RECORDS PROVIDED section start

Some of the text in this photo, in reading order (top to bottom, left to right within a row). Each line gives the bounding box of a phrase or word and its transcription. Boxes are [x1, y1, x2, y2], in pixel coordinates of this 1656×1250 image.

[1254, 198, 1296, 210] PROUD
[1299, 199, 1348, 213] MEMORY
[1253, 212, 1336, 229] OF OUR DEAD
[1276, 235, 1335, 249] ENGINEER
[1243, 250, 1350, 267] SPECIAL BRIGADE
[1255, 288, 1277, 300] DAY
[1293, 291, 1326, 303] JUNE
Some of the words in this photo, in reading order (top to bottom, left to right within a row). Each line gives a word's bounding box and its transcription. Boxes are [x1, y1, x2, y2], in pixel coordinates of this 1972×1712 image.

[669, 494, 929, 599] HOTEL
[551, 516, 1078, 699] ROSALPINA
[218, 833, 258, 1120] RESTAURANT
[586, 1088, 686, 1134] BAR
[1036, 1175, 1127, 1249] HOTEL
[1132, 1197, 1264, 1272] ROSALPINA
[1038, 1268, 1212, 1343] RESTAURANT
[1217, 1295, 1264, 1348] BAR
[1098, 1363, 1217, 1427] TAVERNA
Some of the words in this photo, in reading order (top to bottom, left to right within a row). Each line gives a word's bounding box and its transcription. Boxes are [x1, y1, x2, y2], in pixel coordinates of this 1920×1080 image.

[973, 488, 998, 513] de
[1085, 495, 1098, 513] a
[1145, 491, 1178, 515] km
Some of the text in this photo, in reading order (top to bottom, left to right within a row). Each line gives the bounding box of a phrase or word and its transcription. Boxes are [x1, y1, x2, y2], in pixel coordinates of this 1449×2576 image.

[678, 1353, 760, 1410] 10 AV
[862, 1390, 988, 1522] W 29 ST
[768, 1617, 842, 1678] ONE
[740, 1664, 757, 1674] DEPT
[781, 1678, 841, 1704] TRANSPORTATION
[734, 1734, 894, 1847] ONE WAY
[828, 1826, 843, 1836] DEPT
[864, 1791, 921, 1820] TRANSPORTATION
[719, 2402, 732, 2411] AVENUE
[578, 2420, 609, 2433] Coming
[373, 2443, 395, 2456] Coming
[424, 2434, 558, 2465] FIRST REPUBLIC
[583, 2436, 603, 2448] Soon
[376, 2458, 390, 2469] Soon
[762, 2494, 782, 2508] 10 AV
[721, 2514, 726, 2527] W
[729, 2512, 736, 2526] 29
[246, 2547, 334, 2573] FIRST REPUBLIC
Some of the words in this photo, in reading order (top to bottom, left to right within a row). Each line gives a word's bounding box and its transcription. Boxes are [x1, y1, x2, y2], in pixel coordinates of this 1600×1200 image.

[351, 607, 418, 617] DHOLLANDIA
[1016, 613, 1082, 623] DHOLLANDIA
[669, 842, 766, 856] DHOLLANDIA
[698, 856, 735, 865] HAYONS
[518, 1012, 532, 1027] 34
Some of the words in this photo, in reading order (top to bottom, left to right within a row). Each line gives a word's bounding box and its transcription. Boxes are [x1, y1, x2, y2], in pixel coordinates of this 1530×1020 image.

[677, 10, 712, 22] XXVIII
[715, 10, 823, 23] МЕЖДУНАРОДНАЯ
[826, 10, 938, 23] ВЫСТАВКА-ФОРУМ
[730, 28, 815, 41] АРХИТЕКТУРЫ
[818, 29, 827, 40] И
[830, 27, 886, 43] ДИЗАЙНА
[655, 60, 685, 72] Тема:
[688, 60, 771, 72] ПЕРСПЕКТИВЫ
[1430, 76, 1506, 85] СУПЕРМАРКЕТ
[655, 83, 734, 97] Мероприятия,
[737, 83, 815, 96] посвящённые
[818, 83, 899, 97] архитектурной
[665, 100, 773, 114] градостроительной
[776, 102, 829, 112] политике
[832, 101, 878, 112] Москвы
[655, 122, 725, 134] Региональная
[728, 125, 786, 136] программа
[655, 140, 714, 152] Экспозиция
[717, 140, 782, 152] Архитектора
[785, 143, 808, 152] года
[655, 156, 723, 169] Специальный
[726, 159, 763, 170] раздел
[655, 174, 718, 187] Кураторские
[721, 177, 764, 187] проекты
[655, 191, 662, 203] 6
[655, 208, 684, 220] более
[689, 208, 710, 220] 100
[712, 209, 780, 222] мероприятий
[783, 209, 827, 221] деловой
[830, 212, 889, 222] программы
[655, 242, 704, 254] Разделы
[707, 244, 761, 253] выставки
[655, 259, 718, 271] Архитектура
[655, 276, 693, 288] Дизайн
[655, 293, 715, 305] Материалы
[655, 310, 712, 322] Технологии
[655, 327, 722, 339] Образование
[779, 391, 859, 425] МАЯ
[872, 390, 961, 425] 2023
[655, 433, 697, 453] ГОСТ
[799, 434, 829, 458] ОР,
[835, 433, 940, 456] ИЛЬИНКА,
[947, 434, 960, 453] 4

RECORDS PROVIDED section end

Please provide an exact transcription of each line from the one holding "this 1600×1200 image." through the final line of the data above.

Some of the words in this photo, in reading order (top to bottom, left to right within a row). Each line gives a word's bounding box and its transcription. Boxes are [x1, y1, x2, y2], in pixel coordinates of this 1600×1200 image.

[351, 607, 418, 617] DHOLLANDIA
[1016, 613, 1082, 623] DHOLLANDIA
[669, 842, 766, 856] DHOLLANDIA
[698, 856, 735, 865] HAYONS
[518, 1012, 532, 1027] 34
Some of the words in this photo, in reading order (top to bottom, left to right within a row). Each line gives a word's bounding box and its transcription. Boxes are [x1, y1, x2, y2], in pixel coordinates of this 1530×1020 image.

[677, 10, 712, 22] XXVIII
[715, 10, 823, 23] МЕЖДУНАРОДНАЯ
[826, 10, 938, 23] ВЫСТАВКА-ФОРУМ
[730, 28, 815, 41] АРХИТЕКТУРЫ
[818, 29, 827, 40] И
[830, 27, 886, 43] ДИЗАЙНА
[655, 60, 685, 72] Тема:
[688, 60, 771, 72] ПЕРСПЕКТИВЫ
[1430, 76, 1506, 85] СУПЕРМАРКЕТ
[655, 83, 734, 97] Мероприятия,
[737, 83, 815, 96] посвящённые
[818, 83, 899, 97] архитектурной
[665, 100, 773, 114] градостроительной
[776, 102, 829, 112] политике
[832, 101, 878, 112] Москвы
[655, 122, 725, 134] Региональная
[728, 125, 786, 136] программа
[655, 140, 714, 152] Экспозиция
[717, 140, 782, 152] Архитектора
[785, 143, 808, 152] года
[655, 156, 723, 169] Специальный
[726, 159, 763, 170] раздел
[655, 174, 718, 187] Кураторские
[721, 177, 764, 187] проекты
[655, 191, 662, 203] 6
[655, 208, 684, 220] более
[689, 208, 710, 220] 100
[712, 209, 780, 222] мероприятий
[783, 209, 827, 221] деловой
[830, 212, 889, 222] программы
[655, 242, 704, 254] Разделы
[707, 244, 761, 253] выставки
[655, 259, 718, 271] Архитектура
[655, 276, 693, 288] Дизайн
[655, 293, 715, 305] Материалы
[655, 310, 712, 322] Технологии
[655, 327, 722, 339] Образование
[779, 391, 859, 425] МАЯ
[872, 390, 961, 425] 2023
[655, 433, 697, 453] ГОСТ
[799, 434, 829, 458] ОР,
[835, 433, 940, 456] ИЛЬИНКА,
[947, 434, 960, 453] 4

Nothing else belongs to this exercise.